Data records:

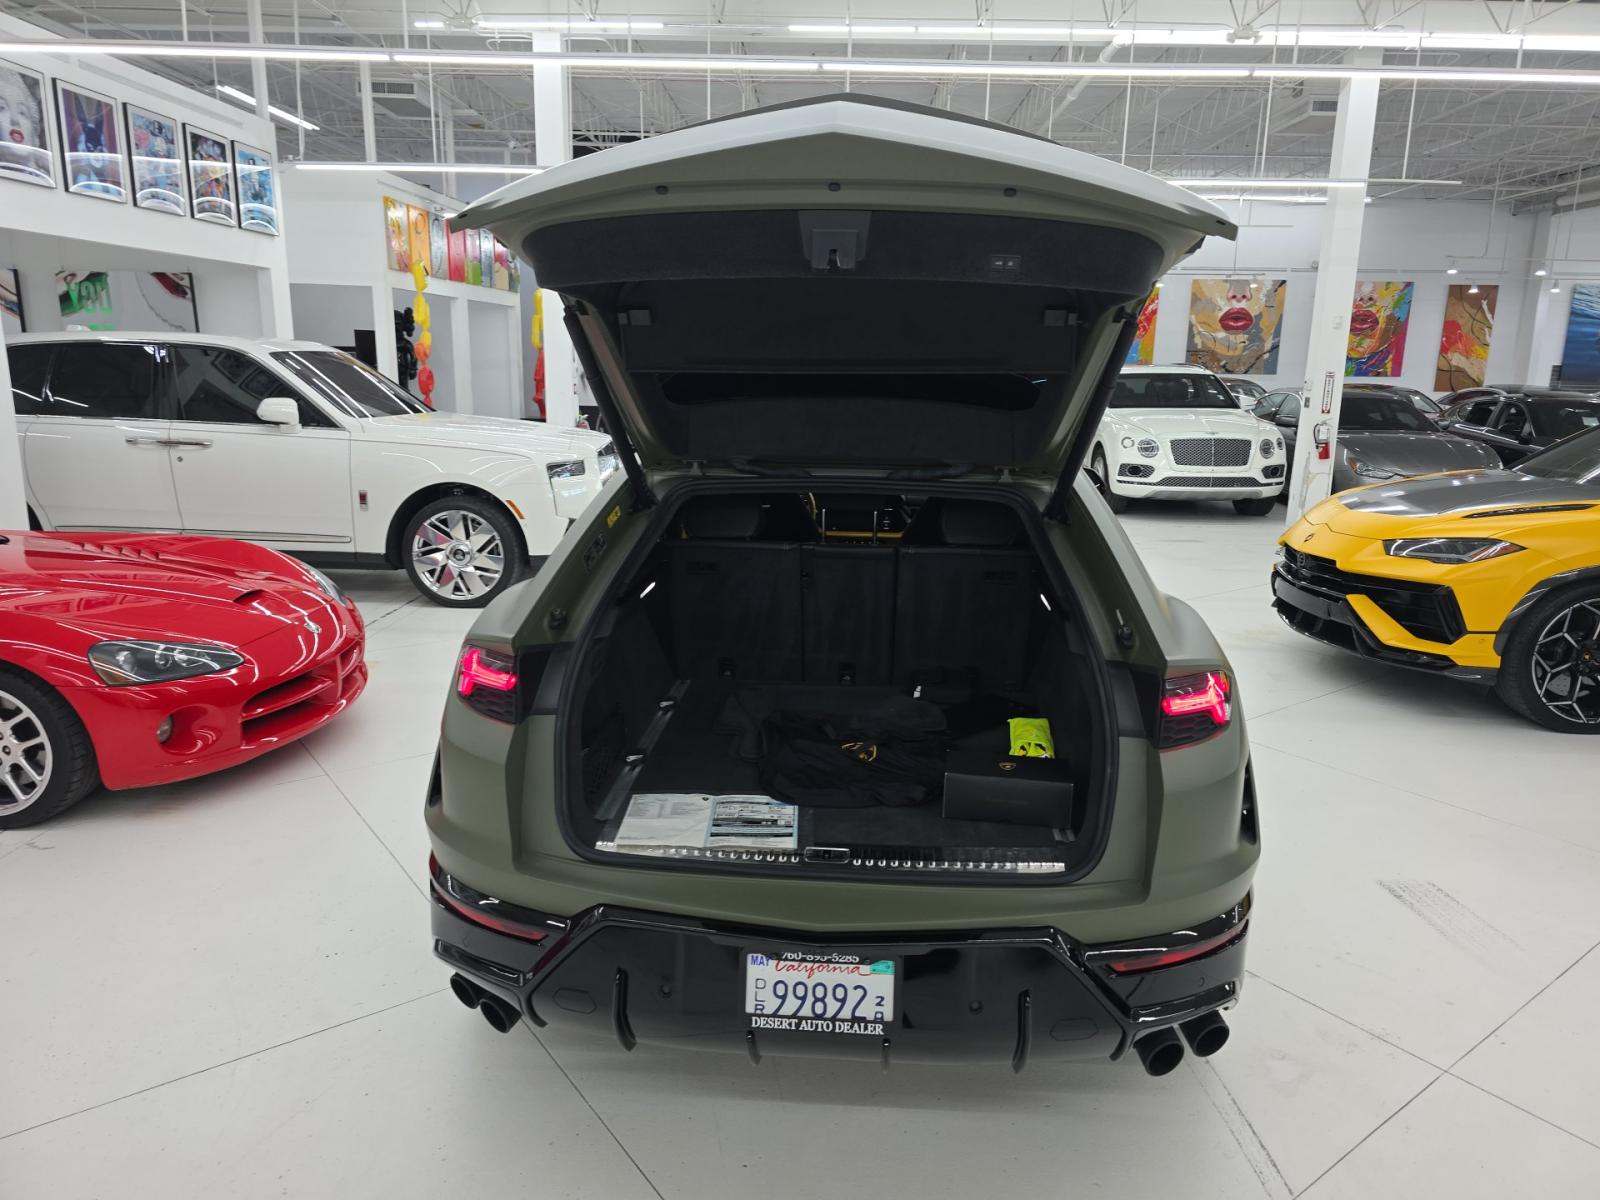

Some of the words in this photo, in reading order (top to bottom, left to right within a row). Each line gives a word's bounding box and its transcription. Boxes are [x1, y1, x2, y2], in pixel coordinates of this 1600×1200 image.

[750, 954, 771, 967] MAY
[771, 979, 867, 1021] 99892
[751, 1016, 799, 1031] DESERT
[799, 1019, 833, 1033] AUTO
[834, 1021, 885, 1036] DEALER
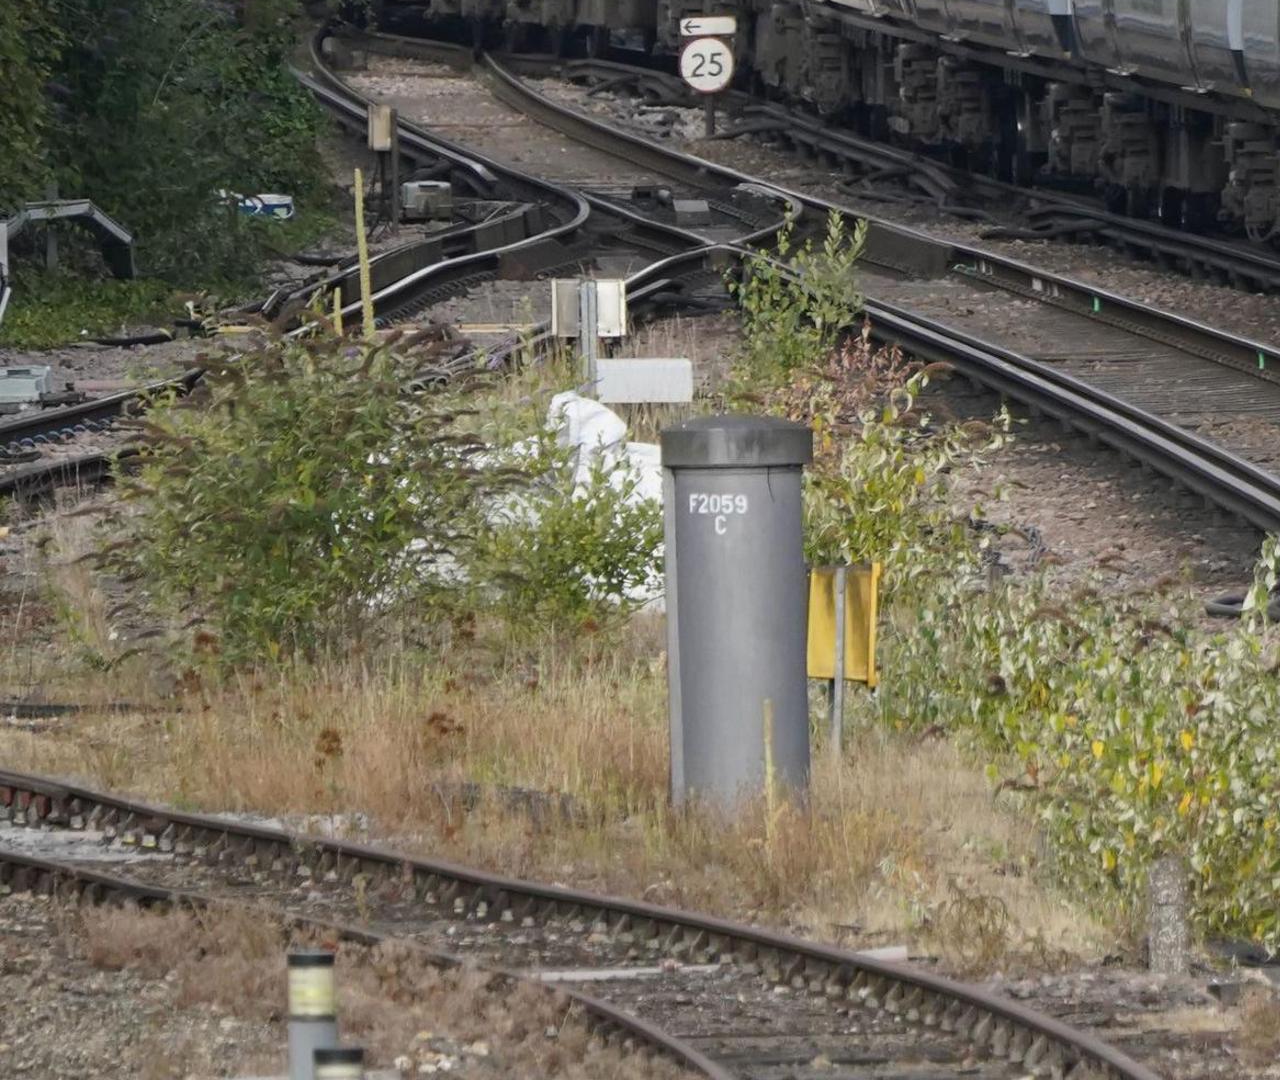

» EXERCISE AIM: Restate the preceding entries in full, word for word, with the pictures removed.

» FINISHED TASK:
Some of the words in this photo, in reading order (top to bottom, left to right within a row). Each line gives a word's bounding box and its transcription. Boxes are [x1, y1, x2, y2], in pixel coordinates of this 1600×1200 image.

[750, 954, 771, 967] MAY
[771, 979, 867, 1021] 99892
[751, 1016, 799, 1031] DESERT
[799, 1019, 833, 1033] AUTO
[834, 1021, 885, 1036] DEALER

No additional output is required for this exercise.